Add to ~/Library/Application Support/Claude/claude_desktop_config.json:

{
  "mcpServers": {
    "dryrun": {
      "command": "dryrun",
      "args": ["mcp-serve", "--schema-file", "/path/to/schema.json"]
    }
  }
}

SSE mode (remote / Docker)

DATABASE_URL="$DB" dryrun mcp-serve --transport sse --port 3000

Connect your MCP client to http://host:3000/sse.


Part E: Tool reference

Tool Needs DB? Description
list_tables No List all tables with row estimates and comments
describe_table No Full table detail: columns, constraints, indexes, stats
search_schema No Search across table/column names, comments, constraints
find_related No Foreign key relationships with sample JOIN patterns
validate_query No Parse SQL, check table/column existence, detect anti-patterns
check_migration No Migration safety: lock types, rewrite risk, safe alternatives
lint_schema No Convention checks: naming, types, constraints, timestamps
schema_diff No* Compare snapshots for schema changes
vacuum_health No Autovacuum analysis with effective settings and recommendations
detect No Health checks: stale stats, unused indexes, seq-scan anomalies
compare_nodes No Per-node breakdown for a specific table with anomaly detection
analyze_plan No Analyze a pre-existing EXPLAIN JSON plan
advise Hybrid Comprehensive query analysis: EXPLAIN + anti-patterns + index suggestions
explain_query Yes EXPLAIN with structured plan and warnings
check_drift Yes Compare live database schema against saved snapshot
refresh_schema Yes Re-introspect the live database

* schema_diff needs snapshot history; without live DB it compares saved snapshots only.


Part F: Troubleshooting

"connection refused" - Check your connection string.
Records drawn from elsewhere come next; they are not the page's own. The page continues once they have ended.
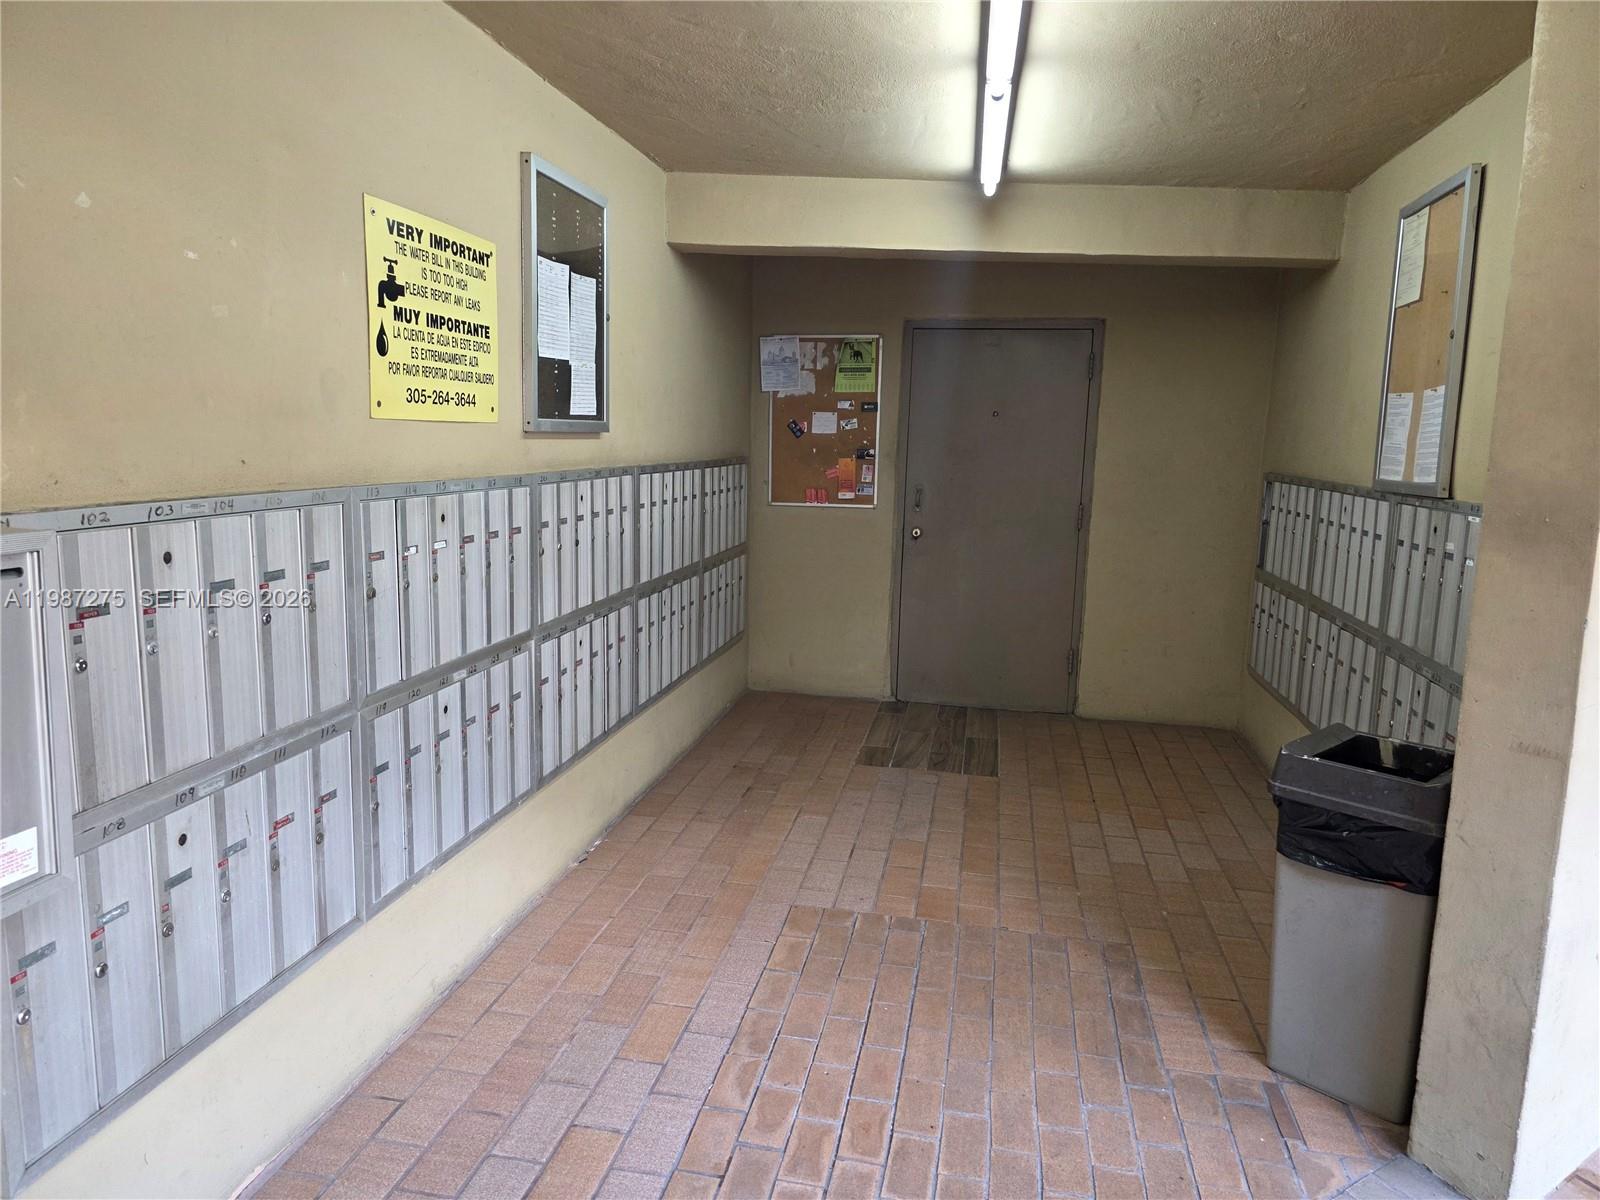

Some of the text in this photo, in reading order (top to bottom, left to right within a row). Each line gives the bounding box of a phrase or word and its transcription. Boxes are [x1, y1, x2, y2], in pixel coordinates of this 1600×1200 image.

[386, 218, 491, 267] VERY IMPORTANT
[394, 241, 487, 281] THE WATER BILL IN THIS BUILDING
[422, 267, 468, 291] IS TOO TOO HIGH
[405, 281, 481, 312] PLEASE REPORT ANY LEAKS
[393, 305, 490, 339] MUY IMPORTANTE
[393, 326, 491, 354] LA CUENTA DE AGUA EN ESTE EDIFICIO
[410, 346, 478, 367] ES EXTREMADAMENTE ALTA
[388, 361, 494, 385] POR FAVOR REPORTAR CUALQUIER SALIDERO
[406, 387, 476, 407] 305-264-3644
[147, 504, 174, 522] 103
[213, 498, 234, 513] 104
[80, 511, 110, 526] 102
[408, 689, 421, 700] 120
[375, 702, 387, 716] 119
[320, 724, 338, 739] 112
[273, 748, 287, 762] 111
[230, 765, 247, 782] 110
[176, 787, 195, 806] 109
[102, 817, 126, 839] 108
If using Docker, PG host may differ from localhost.

"permission denied for pg_stat_user_tables" - Grant pg_monitor to your user:

GRANT pg_monitor TO your_readonly_user;

EXPLAIN ANALYZE times out - The query actually runs (rolled back). Use analyze=false (default) for cost estimates only.

Schema is stale - Ask Claude to "refresh the schema", or re-run init / import.
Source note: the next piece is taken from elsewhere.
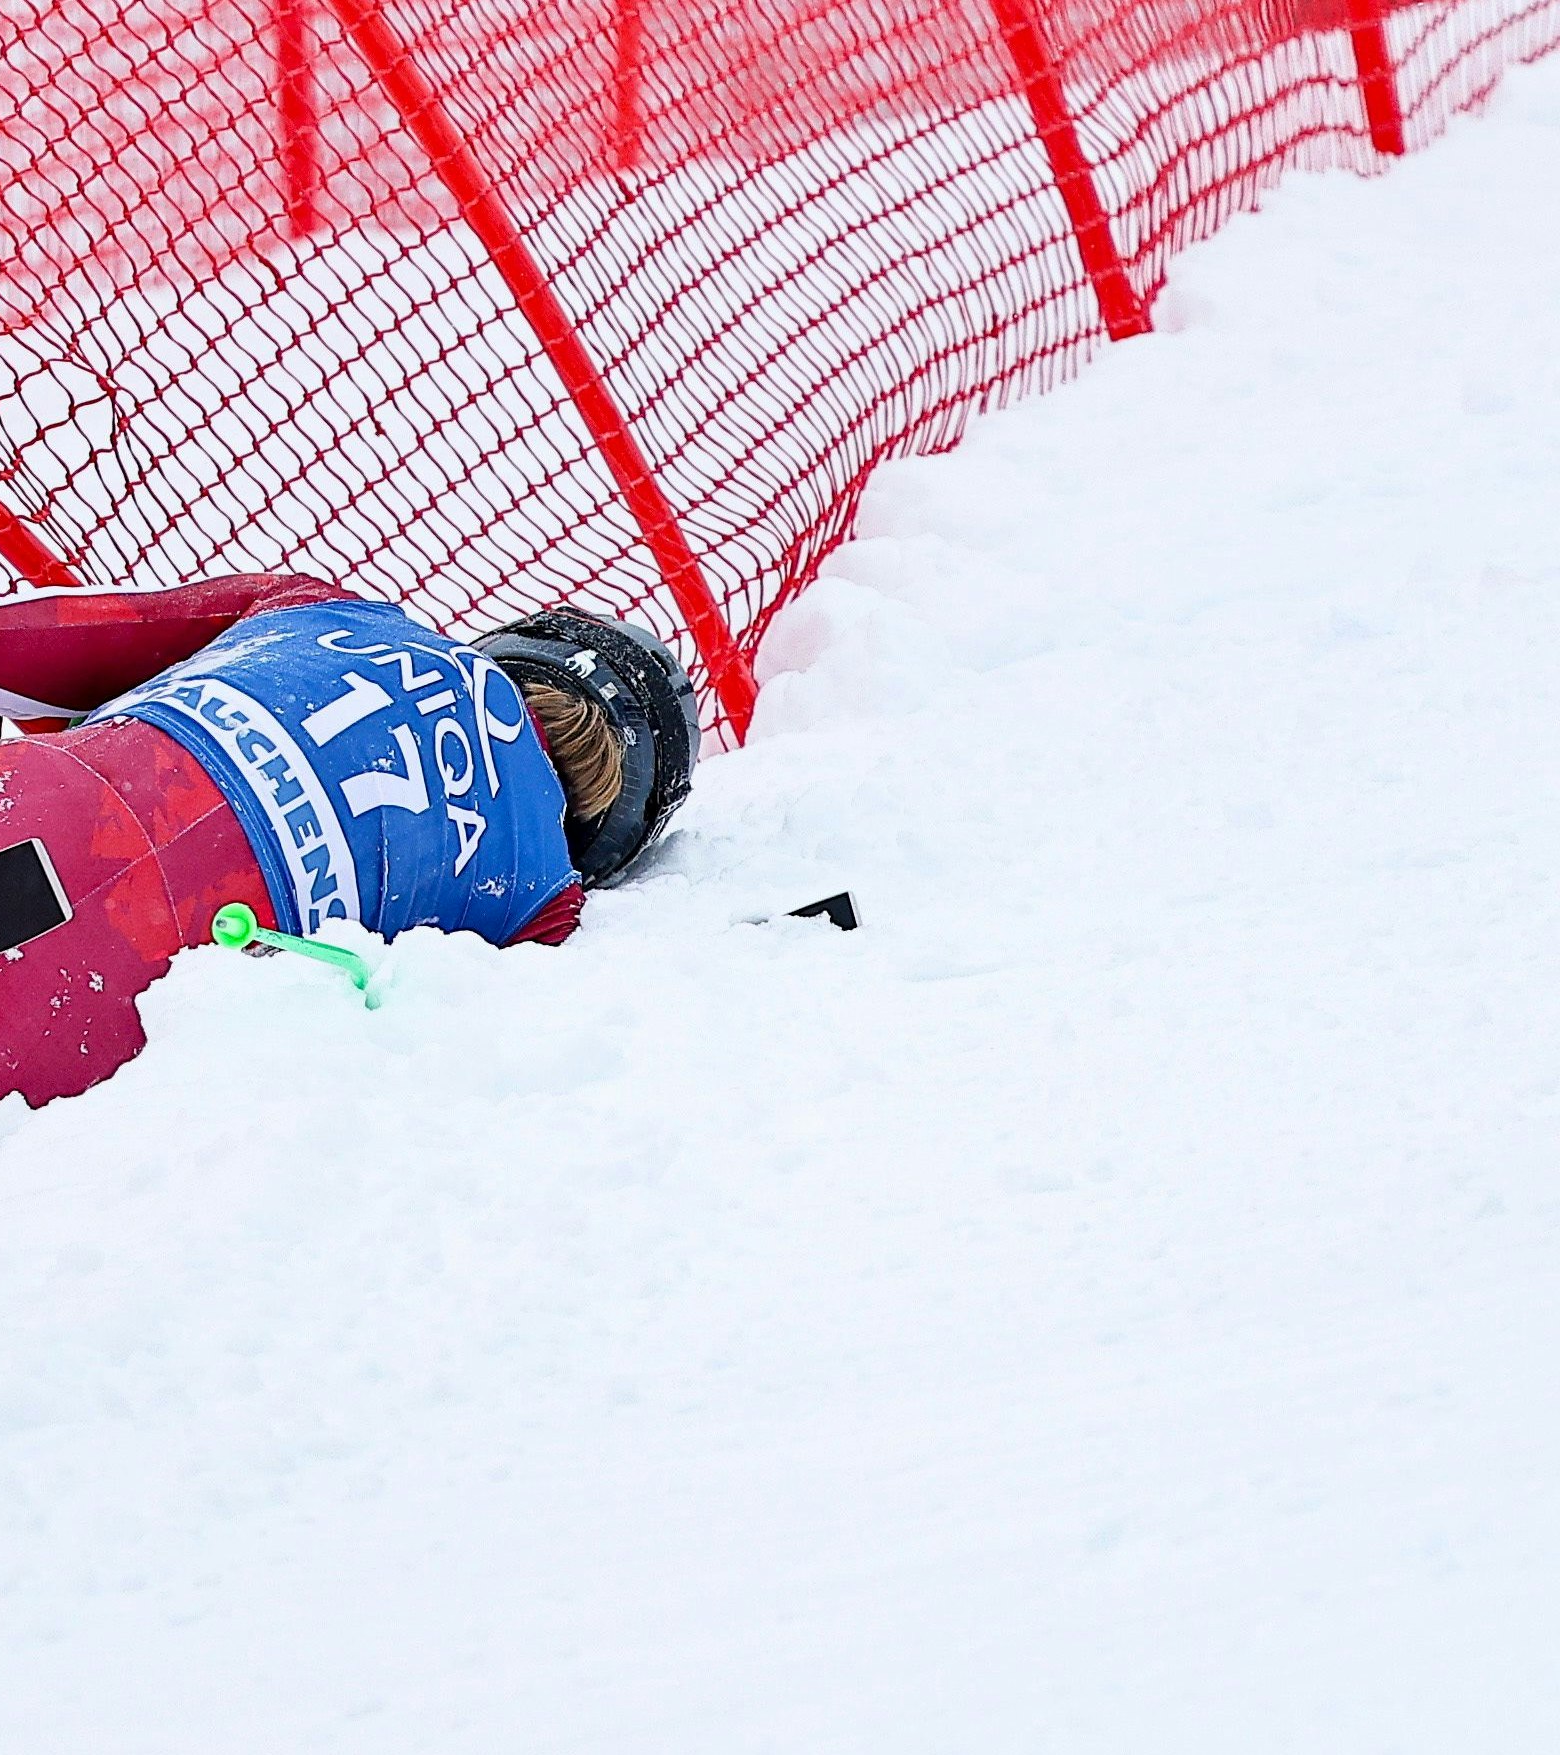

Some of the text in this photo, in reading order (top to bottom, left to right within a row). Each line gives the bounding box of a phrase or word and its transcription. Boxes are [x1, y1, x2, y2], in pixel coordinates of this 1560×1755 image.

[154, 684, 347, 935] AUCHENS
[301, 671, 430, 818] 17
[316, 630, 487, 878] UNIQA
MCP connection issues - Server logs to stderr, MCP protocol to stdout. For SSE mode, test with curl http://host:port/sse.

"invalid schema JSON" - The file must be a valid SchemaSnapshot. If you renamed fields or edited by hand, re-dump from the database.

Multi-node stats not showing - Verify node_stats array is present in .dryrun/schema.json. Each stats file must be a valid NodeStats JSON (from --stats-only).